Job Title: Senior Full Stack Developer (RAG-based AI Application Development)
Experience: 5-8 Years
Job Description:
We are seeking a highly skilled and experienced Senior Full Stack Developer with a strong background in developing Retrieval-Augmented Generation (RAG) based AI applications.
The ideal candidate will have 5-8 years of hands-on experience in full stack development, with a proven track record of building, deploying, and maintaining advanced AI-driven solutions.
You will work closely with data scientists, AI engineers, and product teams to design and implement scalable, robust, and high-performance applications that leverage the latest advancements in RAG and generative AI.
Key Responsibilities:
- Design, develop, and maintain end-to-end web applications with a focus on RAG-based AI solutions.
- Collaborate with AI/ML engineers to integrate retrieval and generation models into production systems.
- Architect scalable backend services and APIs to support AI-driven features.
- Develop intuitive and responsive front-end interfaces using modern JavaScript frameworks (e.g., React, Angular, or Vue.js).
- Optimize application performance, scalability, and security.

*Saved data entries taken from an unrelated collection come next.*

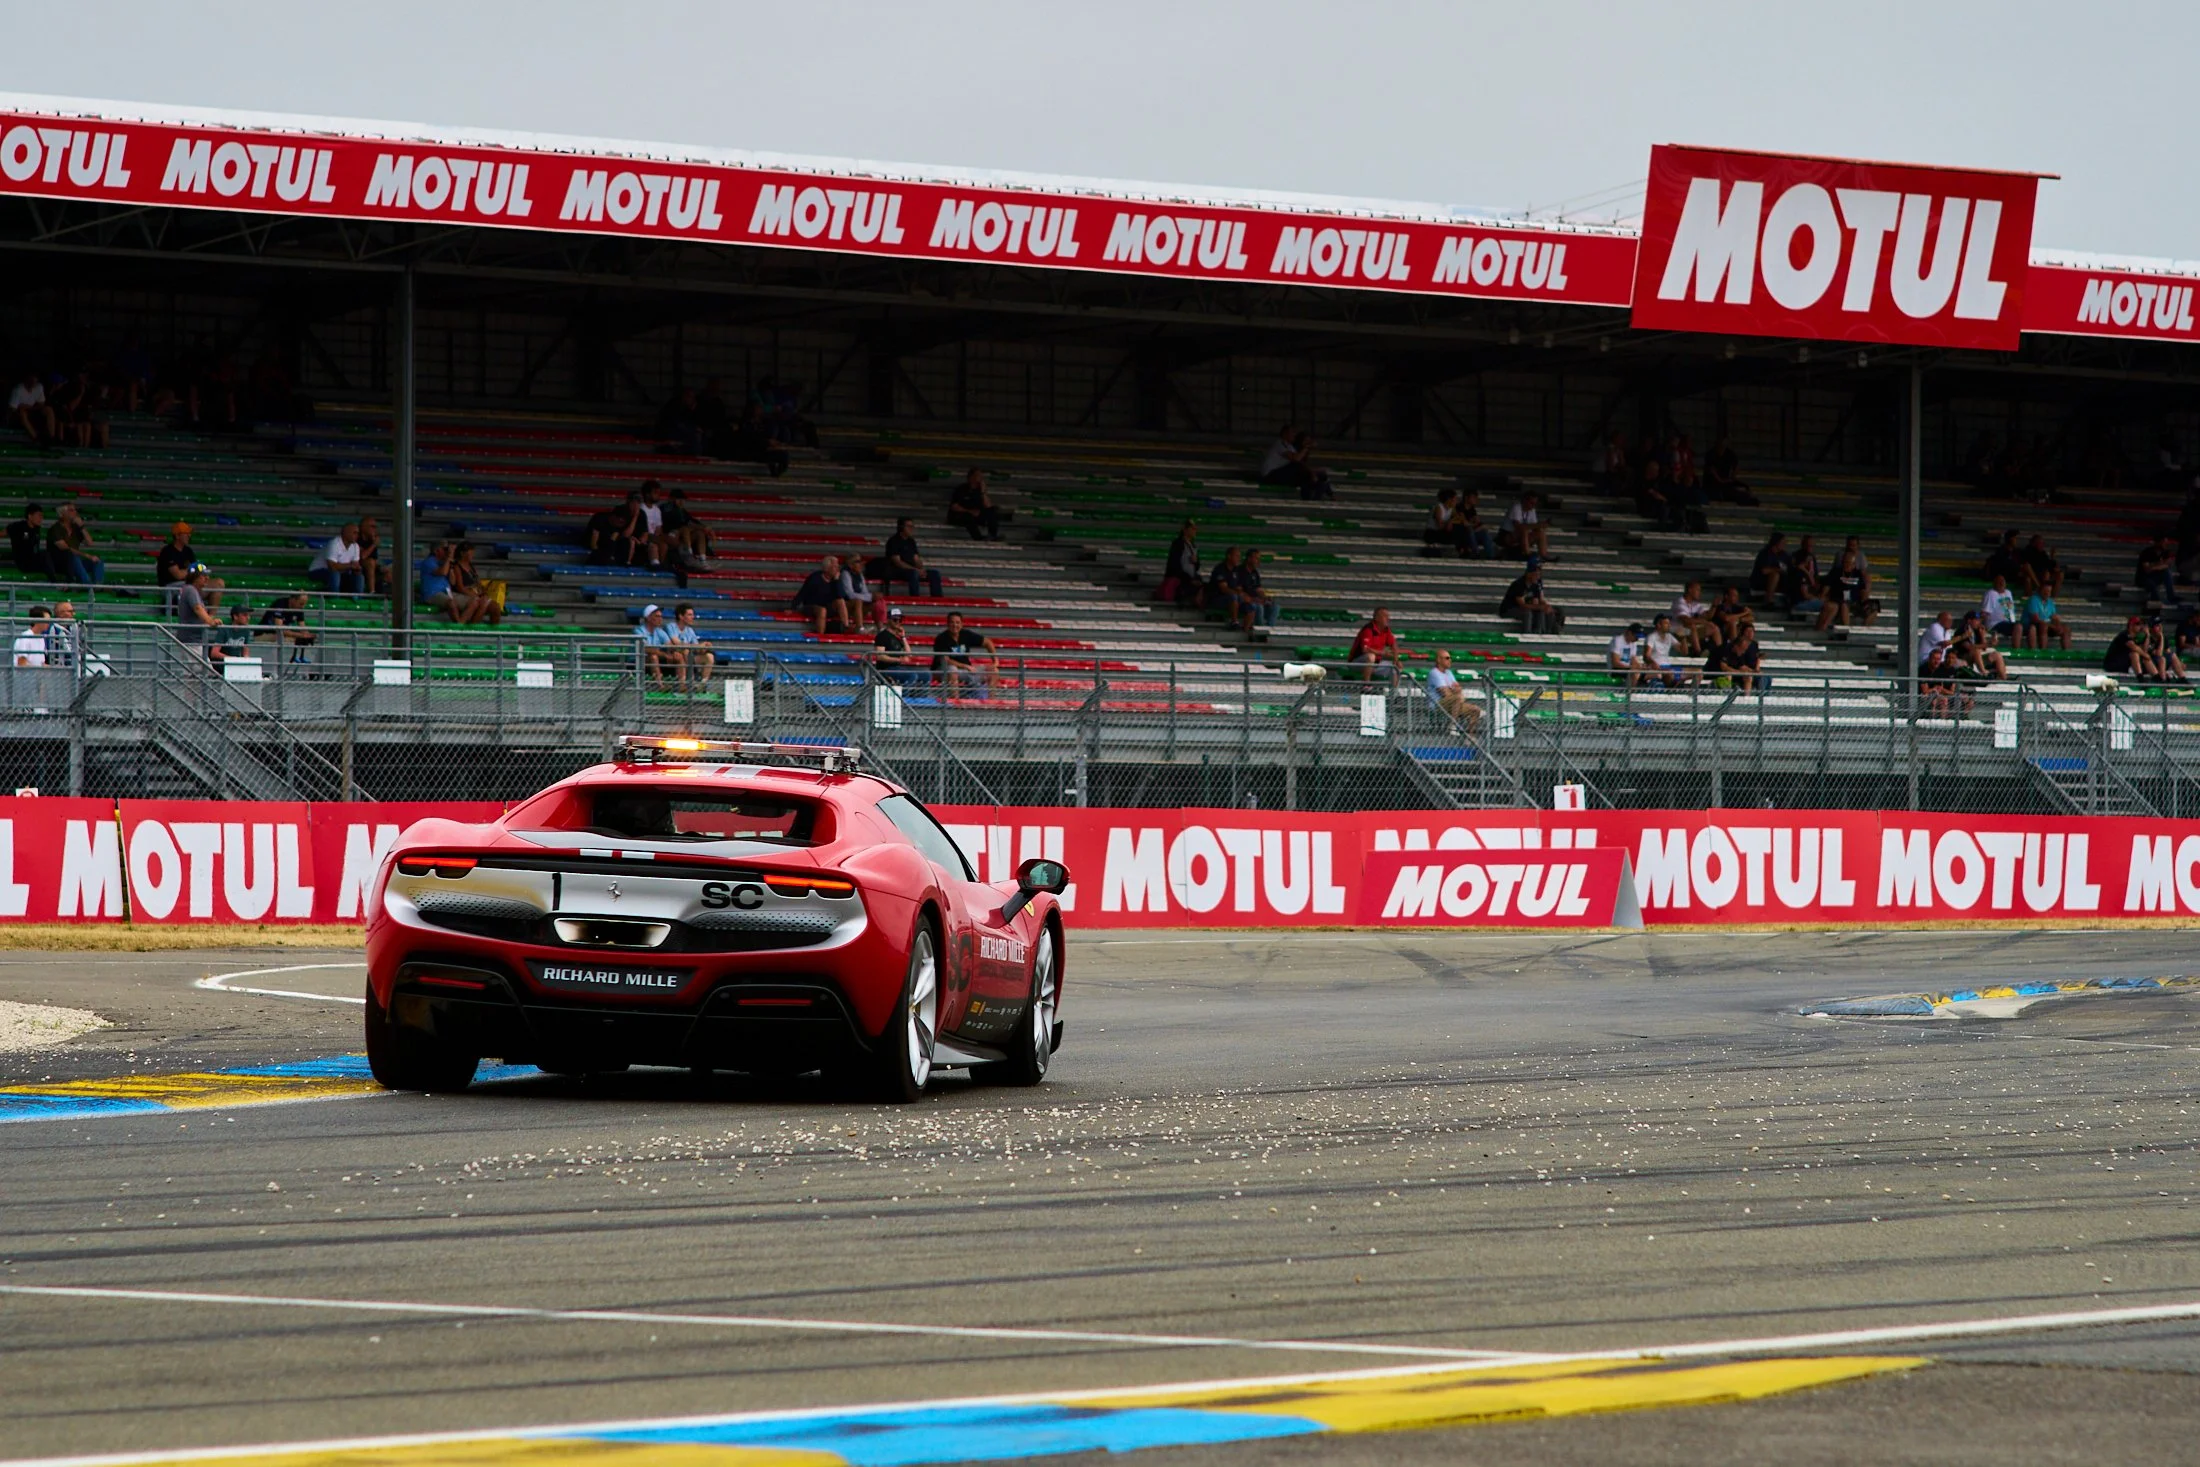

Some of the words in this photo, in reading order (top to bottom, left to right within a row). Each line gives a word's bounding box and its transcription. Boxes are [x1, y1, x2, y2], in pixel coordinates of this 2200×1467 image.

[0, 124, 131, 188] OTUL
[161, 138, 336, 203] MOTUL
[365, 154, 532, 216] MOTUL
[560, 169, 723, 231] MOTUL
[749, 184, 905, 244] MOTUL
[930, 198, 1079, 258] MOTUL
[1104, 213, 1248, 270] MOTUL
[1271, 226, 1410, 281] MOTUL
[1433, 236, 1567, 290] MOTUL
[1658, 177, 2007, 321] MOTUL
[2078, 279, 2194, 331] MOTUL
[58, 819, 314, 920] MOTUL
[701, 882, 764, 910] SC
[1101, 825, 1346, 915] MOTUL
[1635, 825, 1856, 910] MOTUL
[1877, 829, 2101, 912] MOTUL
[1382, 863, 1590, 918] MOTUL
[980, 936, 1008, 961] RICHARD
[543, 967, 620, 984] RICHARD
[625, 973, 677, 988] MILLE

- Implement best practices for code quality, testing, and continuous integration/deployment (CI/CD).
- Mentor junior developers and participate in code reviews.
- Stay up-to-date with the latest trends in AI, RAG, and full stack development.

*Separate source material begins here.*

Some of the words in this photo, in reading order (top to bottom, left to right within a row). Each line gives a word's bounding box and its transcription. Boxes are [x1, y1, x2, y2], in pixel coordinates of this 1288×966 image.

Required Skills & Qualifications:
- Bachelor’s or Master’s degree in Computer Science, Engineering, or related field.
- 5-8 years of professional experience as a Full Stack Developer.
- Strong proficiency in backend technologies (e.g., Node.js, Python, Java, or Go).

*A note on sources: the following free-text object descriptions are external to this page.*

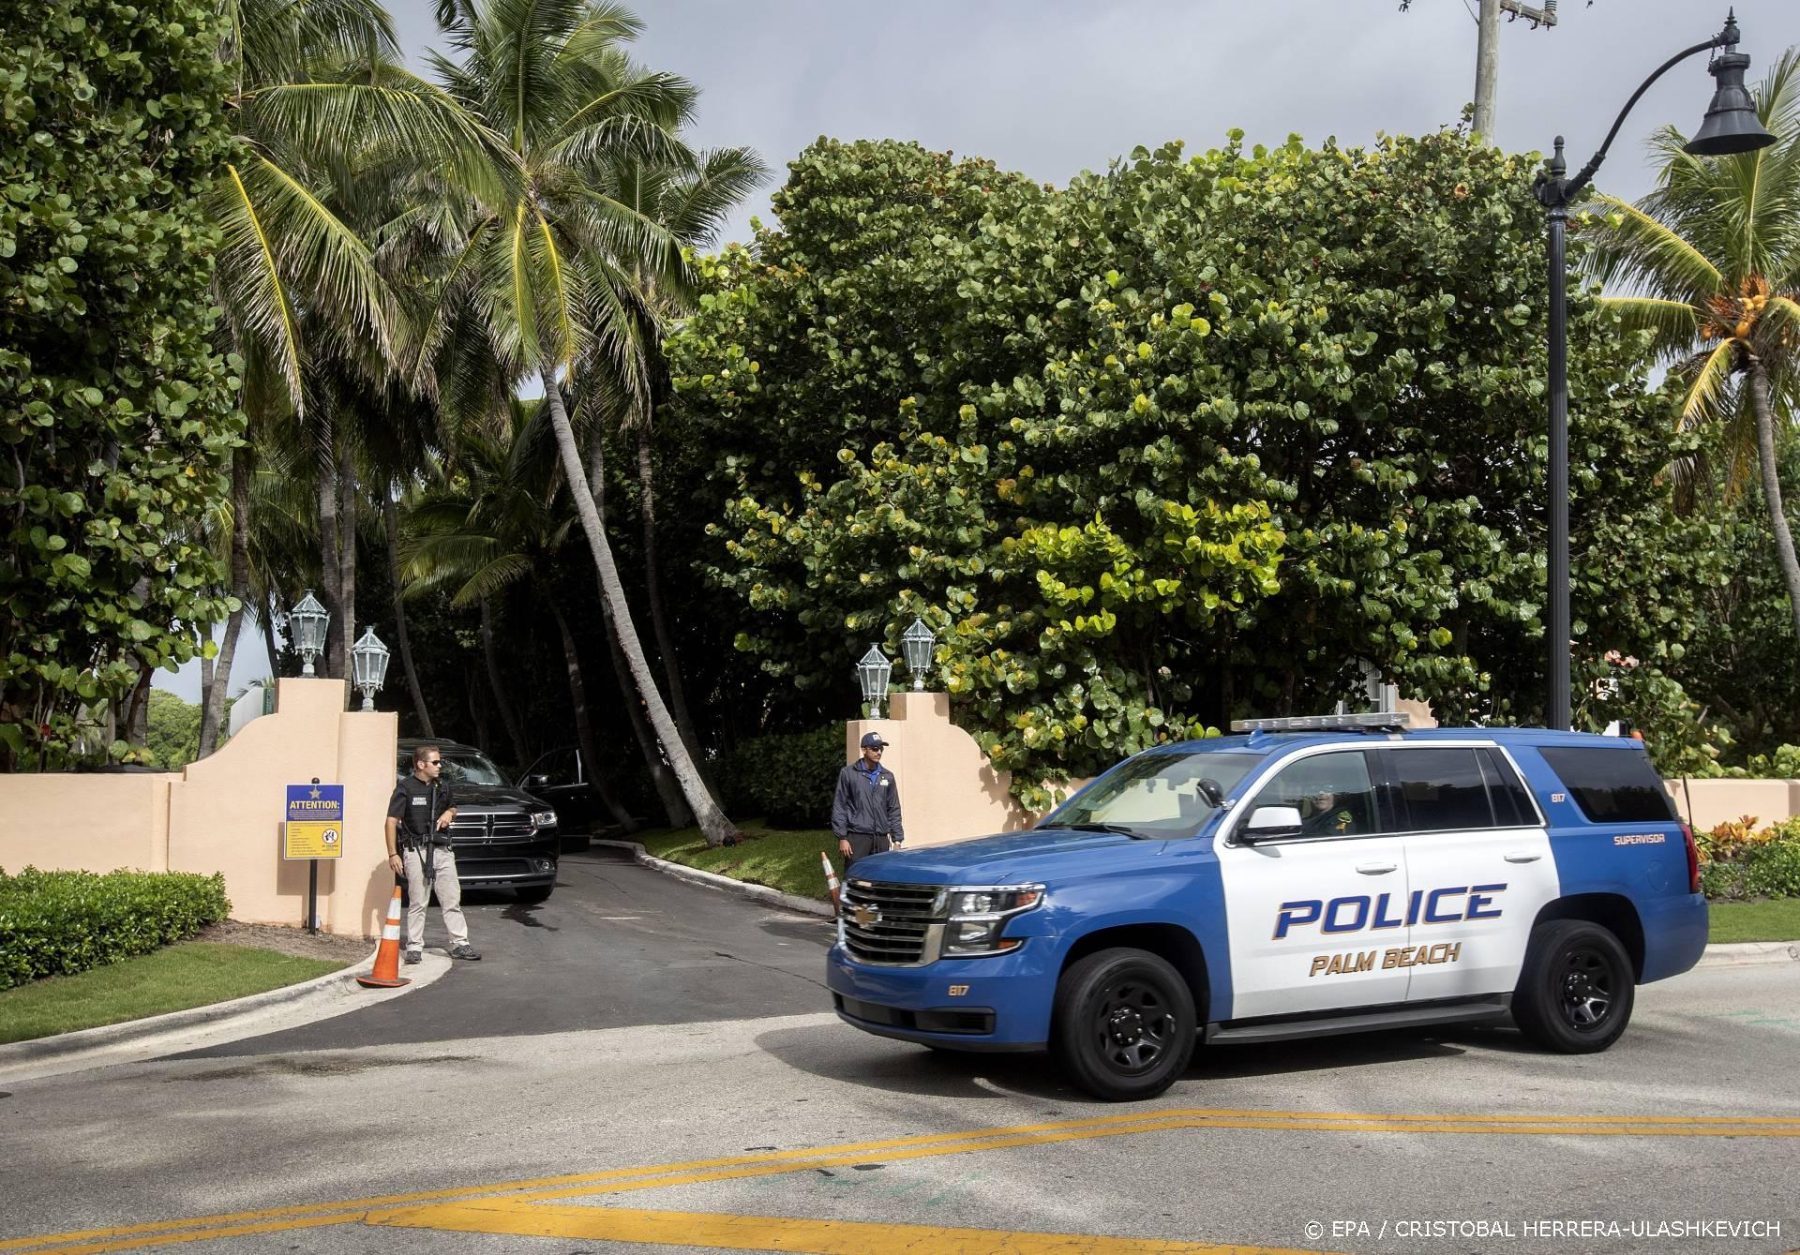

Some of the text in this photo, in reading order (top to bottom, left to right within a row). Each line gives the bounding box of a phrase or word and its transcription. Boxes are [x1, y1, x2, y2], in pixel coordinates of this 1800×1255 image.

[1552, 794, 1566, 802] 817
[290, 800, 340, 809] ATTENTION:
[1614, 834, 1666, 846] SUPERVISOR
[1272, 883, 1508, 940] POLICE
[1309, 942, 1462, 977] PALM BEACH
[948, 985, 970, 996] 817

- Experience with frontend frameworks (e.g., React, Angular, Vue.js).
- Deep understanding of RAG (Retrieval-Augmented Generation) architectures and their application in AI systems.
- Hands-on experience integrating LLMs (e.g., OpenAI GPT, Llama, etc.) with retrieval mechanisms (e.g., vector databases, Elasticsearch, Pinecone, FAISS).
- Familiarity with cloud platforms (AWS, GCP, or Azure) and containerization (Docker, Kubernetes).
- Experience with RESTful and GraphQL APIs.
- Strong knowledge of database systems (SQL and NoSQL).
- Excellent problem-solving, communication, and teamwork skills.
Preferred Qualifications:
- Experience with MLOps tools and workflows.
- Familiarity with data pipelines and ETL processes.
- Prior experience in deploying and scaling AI/ML models in production environments.
- Contributions to open-source AI or RAG projects.